Guest Post by Nicola of

The weaning journey you undertake with your little one is one of the most exciting times of parenting. Couple this with Christmas and you’ve got one very excited Mummy and baby! Whether your baby is six months old or twelve months old, there’s plenty of choice out there for Christmas foods for you both to enjoy, and a few you need to be wary of, or avoid all together. With Christmas approaching in a few short weeks, let’s have a look at some of the yummy Yuletide delights baby can partake in…

1. Turkey

A traditional Christmas dinner will have turkey plus all the trimmings and this white meat is a great source of protein for your baby. For younger babies, serve it in finger length strips so they can grab hold of it easily, and for older babies, cut it into pea sized chunks so they can practise using their pincer grip.

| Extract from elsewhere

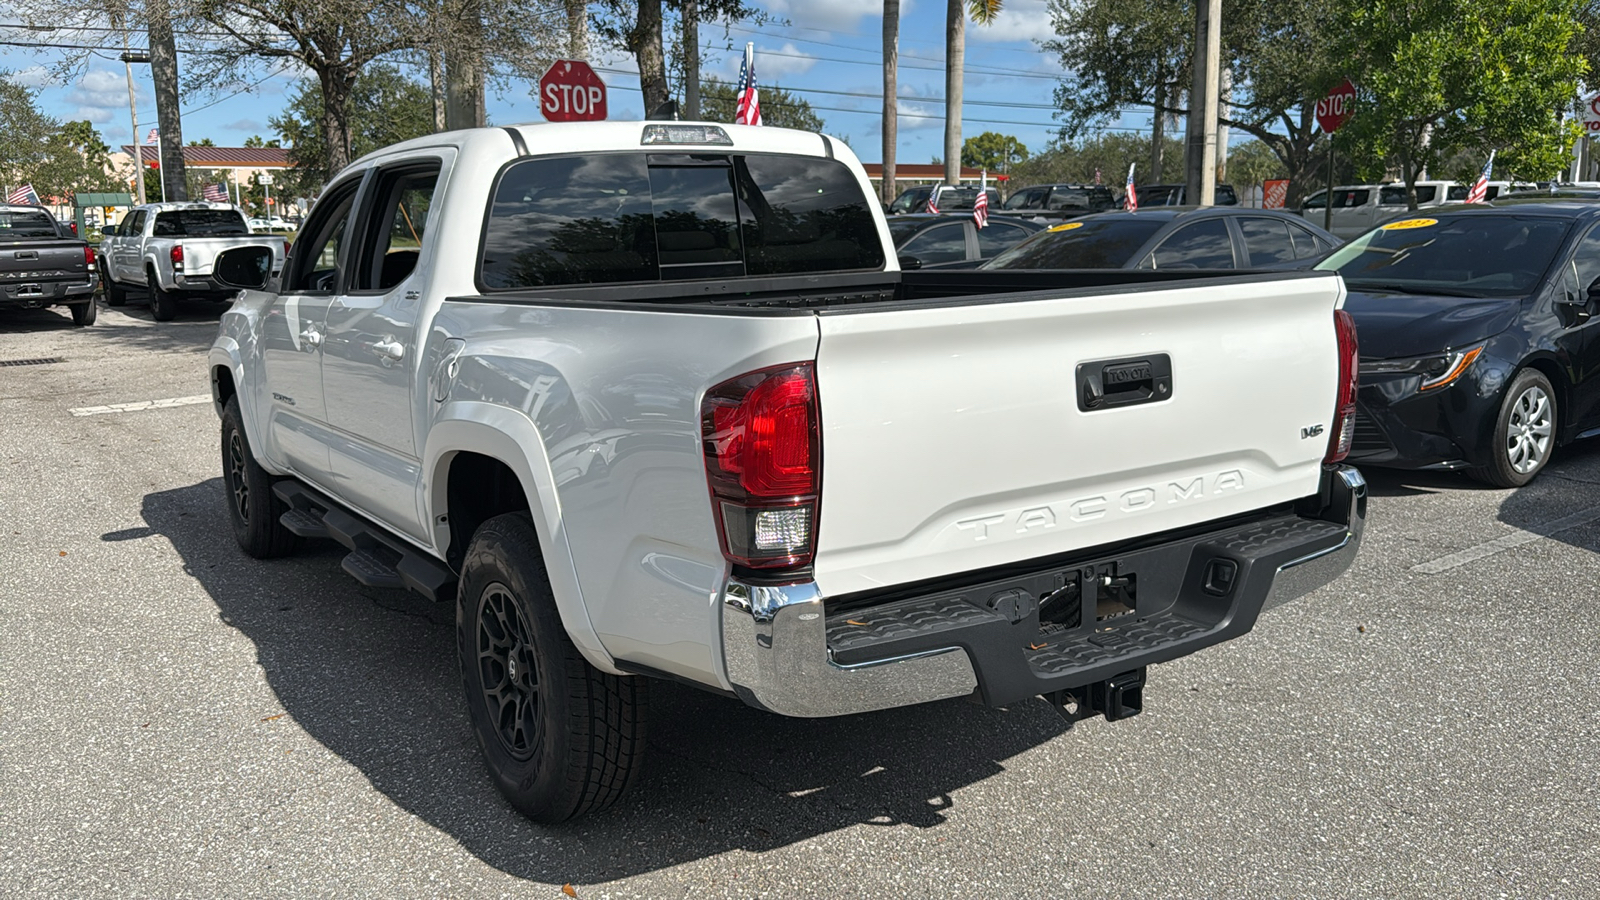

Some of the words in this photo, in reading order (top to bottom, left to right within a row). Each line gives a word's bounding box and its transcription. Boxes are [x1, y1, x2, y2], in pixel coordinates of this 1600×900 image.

[546, 83, 602, 115] STOP
[1110, 367, 1152, 383] TOYOTA
[1301, 424, 1323, 440] V6
[956, 469, 1245, 542] TACOMA

A lot of people choose to forgo turkey these days and instead have goose, ham, salmon or even beef. All of these are suitable for baby led weaning as long as the ham doesn’t have a honey coating (babies under one shouldn’t eat honey due to the risk of botulism) and you watch the salt content.

2. Roast potatoes

There’s nothing better than a Christmas roastie – crunchy on the outside and soft on the inside. Our first baby was happiest on Christmas Day munching two or three of these and we served them in strips so they were easy for him to grab hold of. Cutting roast potatoes into strips also ensures they cool down quickly too, as the last thing you need on Christmas Day is a trip to A&E after baby getting a burnt mouth!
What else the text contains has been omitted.